JuliaIO / JLD2.jl

HDF5-compatible file format in pure Julia
Other
549 stars 85 forks source link

Fail-safe way to write into a jld2 file in parallel? #391

Closed jarroyoe closed 2 years ago

jarroyoe commented 2 years ago

I have a script that writes an Vector{Any} into a .jld2 file inside a for loop to get partial results of the runs. I'm trying to implement parallel processing using Threads, and while most of the time it works well, in my best run so far I got the following error:

ERROR: LoadError: TaskFailedException
Stacktrace:
 [1] wait
   @ ./task.jl:334 [inlined]
 [2] threading_run(func::Function)
   @ Base.Threads ./threadingconstructs.jl:38
 [3] top-level scope
   @ ./threadingconstructs.jl:97

    nested task error: ArgumentError: attempted to truncate a file that was already open
    Stacktrace:
     [1] jldopen(fname::String, wr::Bool, create::Bool, truncate::Bool, iotype::Type{JLD2.MmapIO}; fallback::Type{IOStream}, compress::Bool, mmaparrays::Bool)
       @ JLD2 ~/.julia/packages/JLD2/DcnTD/src/JLD2.jl:266
     [2] jldopen(fname::String, mode::String; iotype::Type, kwargs::Base.Pairs{Symbol, Bool, Tuple{Symbol}, NamedTuple{(:compress,), Tuple{Bool}}})
       @ JLD2 ~/.julia/packages/JLD2/DcnTD/src/JLD2.jl:342
     [3] jldopen(::JLD2.var"#56#57"{Base.Pairs{Symbol, Vector{Any}, Tuple{Symbol}, NamedTuple{(:df,), Tuple{Vector{Any}}}}}, ::String, ::Vararg{String}; kws::Base.Pairs{Symbol, Any, Tuple{Symbol, Symbol}, NamedTuple{(:compress, :iotype), Tuple{Bool, DataType}}})
       @ JLD2 ~/.julia/packages/JLD2/DcnTD/src/loadsave.jl:2
     [4] #jldsave#55
       @ ~/.julia/packages/JLD2/DcnTD/src/loadsave.jl:242 [inlined]
     [5] macro expansion
       @ ~/Invasibility/runs.jl:104 [inlined]
     [6] (::var"#46#threadsfor_fun#17"{UnitRange{Int64}})(onethread::Bool)
       @ Main ./threadingconstructs.jl:85
     [7] (::var"#46#threadsfor_fun#17"{UnitRange{Int64}})()
       @ Main ./threadingconstructs.jl:52
in expression starting at /home/jarroyoe/Invasibility/runs.jl:32

From what I understand, it seems that two threads tried to overwrite the file at the same time, which caused an error. Is there any way to prevent the threads from doing this?

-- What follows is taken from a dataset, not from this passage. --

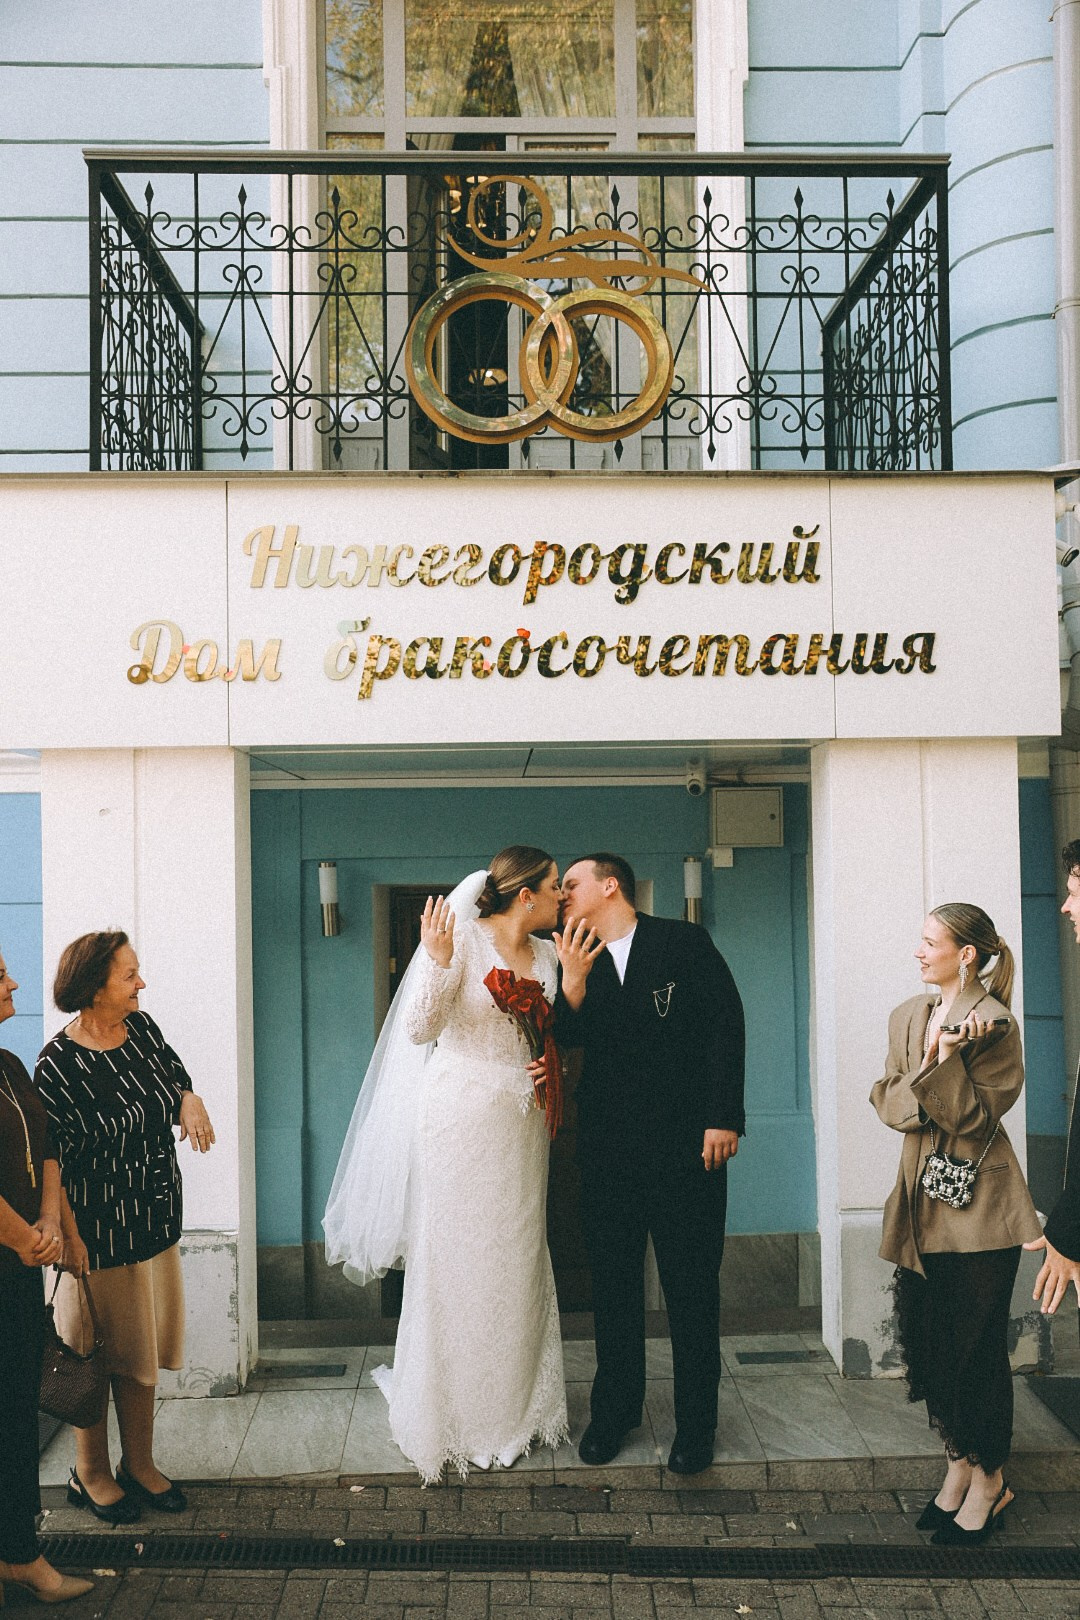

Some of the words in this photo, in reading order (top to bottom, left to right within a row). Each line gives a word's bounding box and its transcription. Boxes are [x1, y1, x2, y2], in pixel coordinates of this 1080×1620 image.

[242, 524, 821, 606] Нижегородский
[127, 619, 282, 685] Дом
[323, 616, 937, 701] бракосочетания

JonasIsensee commented 2 years ago

Hi @jarroyoe , JLD2 does not support writing to the same file from multiple threads at the same time. If each of your threads does a lot of independent work and only write results sometimes, you could use a lock as shown below. (Now all other threads will wait for each other when writing a file) Otherwise you could have threads write to separate files (and combine later)

julia> Threads.nthreads()
8

julia> filelock = ReentrantLock()
ReentrantLock(nothing, Base.GenericCondition{Base.Threads.SpinLock}(Base.InvasiveLinkedList{Task}(nothing, nothing), Base.Threads.SpinLock(0)), 0)

julia> using JLD2

julia> filename = "test_threaded.jld2"
"test_threaded.jld2"

julia> Threads.@threads for n=1:1000
                # do expensive computation
                lock(filelock) do 
                      jldopen(filename, "a") do f
                            f["$n"] = n 
                      end
                end
         end

julia> f = jldopen(filename)
JLDFile /home/isensee/test_threaded.jld2 (read-only)
 β”œβ”€πŸ”’ 126
 β”œβ”€πŸ”’ 876
 β”œβ”€πŸ”’ 251
 β”œβ”€πŸ”’ 877
 β”œβ”€πŸ”’ 252
 β”œβ”€πŸ”’ 626
 β”œβ”€πŸ”’ 253
 β”œβ”€πŸ”’ 127
 β”œβ”€πŸ”’ 627
 └─ β‹― (991 more entries)
jarroyoe commented 2 years ago

Thank you! Is there any significant reduction in performance of using locks, say the threads stop when one of them is writing, or the waiting time only occurs when two threads reach the writing at the same time?

El jue., 24 de marzo de 2022 1:23 a. m., JonasIsensee < @.***> escribiΓ³:

Hi @jarroyoe https://github.com/jarroyoe , JLD2 does not support writing to the same file from multiple threads at the same time. If each of your threads does a lot of independent work and only write results sometimes, you could use a lock as shown below. (Now all other threads will wait for each other when writing a file) Otherwise you could have threads write to separate files (and combine later)

julia> Threads.nthreads() 8

julia> filelock = ReentrantLock() ReentrantLock(nothing, Base.GenericCondition{Base.Threads.SpinLock}(Base.InvasiveLinkedList{Task}(nothing, nothing), Base.Threads.SpinLock(0)), 0)

julia> using JLD2

julia> filename = "test_threaded.jld2" "test_threaded.jld2"

julia> @.*** for n=1:1000

do expensive computation

            lock(filelock) do
                  jldopen(filename, "a") do f
                        f["$n"] = n
                  end
            end
     end

β€” Reply to this email directly, view it on GitHub https://github.com/JuliaIO/JLD2.jl/issues/391#issuecomment-1077358689, or unsubscribe https://github.com/notifications/unsubscribe-auth/ALD7U5J5L2WAY6WE7CMGMB3VBQRAJANCNFSM5RPFJJOQ . You are receiving this because you were mentioned.Message ID: @.***>

JonasIsensee commented 2 years ago

Yeah, in principle the waiting should only occur when two threads attempt to write at the same time. If writing happens rarely that may be best. However, this depends a lot on the application and I suggest to try and benchmark it yourself. :)